Return all the data verbatim but without images.

--- Material for this task Enclosed Below ---

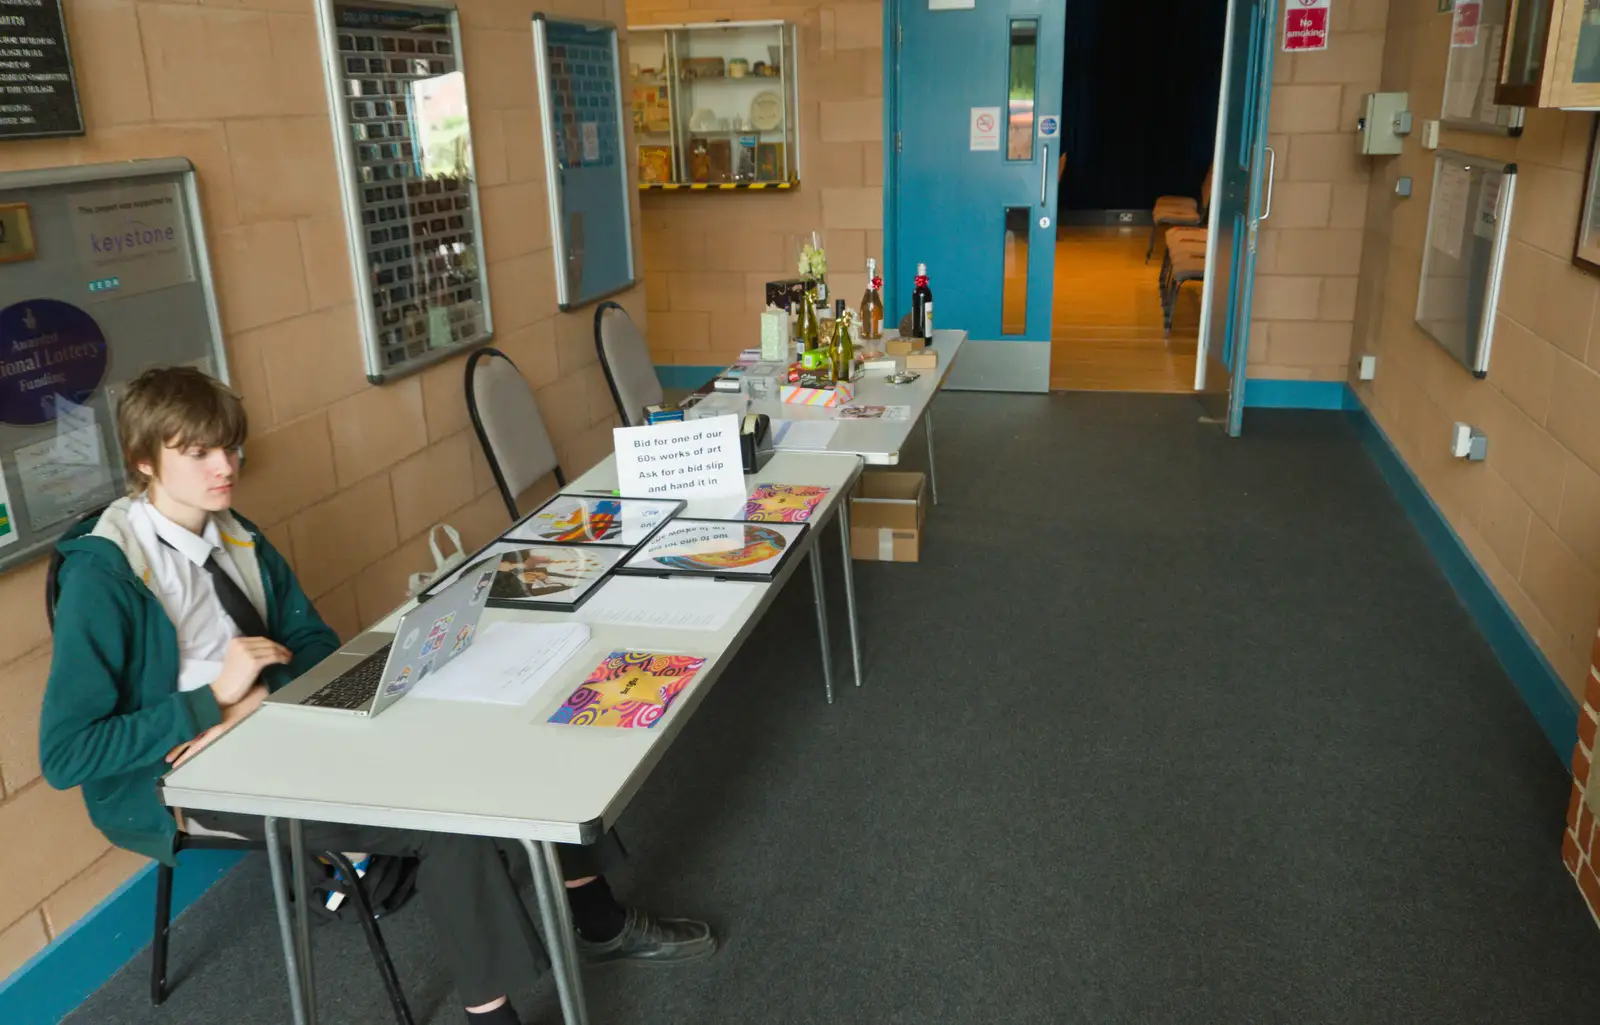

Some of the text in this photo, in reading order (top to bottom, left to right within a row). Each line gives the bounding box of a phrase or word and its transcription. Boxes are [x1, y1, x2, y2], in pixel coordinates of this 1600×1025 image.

[1300, 19, 1312, 27] No
[1287, 29, 1325, 38] smoking
[90, 227, 173, 252] keystone
[0, 342, 98, 379] ional Lottery
[634, 440, 651, 448] Bid
[672, 436, 690, 444] one
[693, 432, 702, 440] of
[637, 445, 721, 463] 60s works of art
[639, 471, 658, 479] Ask
[688, 464, 702, 472] bid
[706, 461, 724, 470] slip
[648, 484, 667, 493] and
[670, 480, 694, 490] hand
[708, 477, 717, 485] in

--- End of Enclosed Material for this task ---

**Task output**
Some of the text in this photo, in reading order (top to bottom, left to right within a row). Each line gives the bounding box of a phrase or word and its transcription. Boxes are [x1, y1, x2, y2], in pixel coordinates of this 1600×1025 image.

[1300, 19, 1312, 27] No
[1287, 29, 1325, 38] smoking
[90, 227, 173, 252] keystone
[0, 342, 98, 379] ional Lottery
[634, 440, 651, 448] Bid
[672, 436, 690, 444] one
[693, 432, 702, 440] of
[637, 445, 721, 463] 60s works of art
[639, 471, 658, 479] Ask
[688, 464, 702, 472] bid
[706, 461, 724, 470] slip
[648, 484, 667, 493] and
[670, 480, 694, 490] hand
[708, 477, 717, 485] in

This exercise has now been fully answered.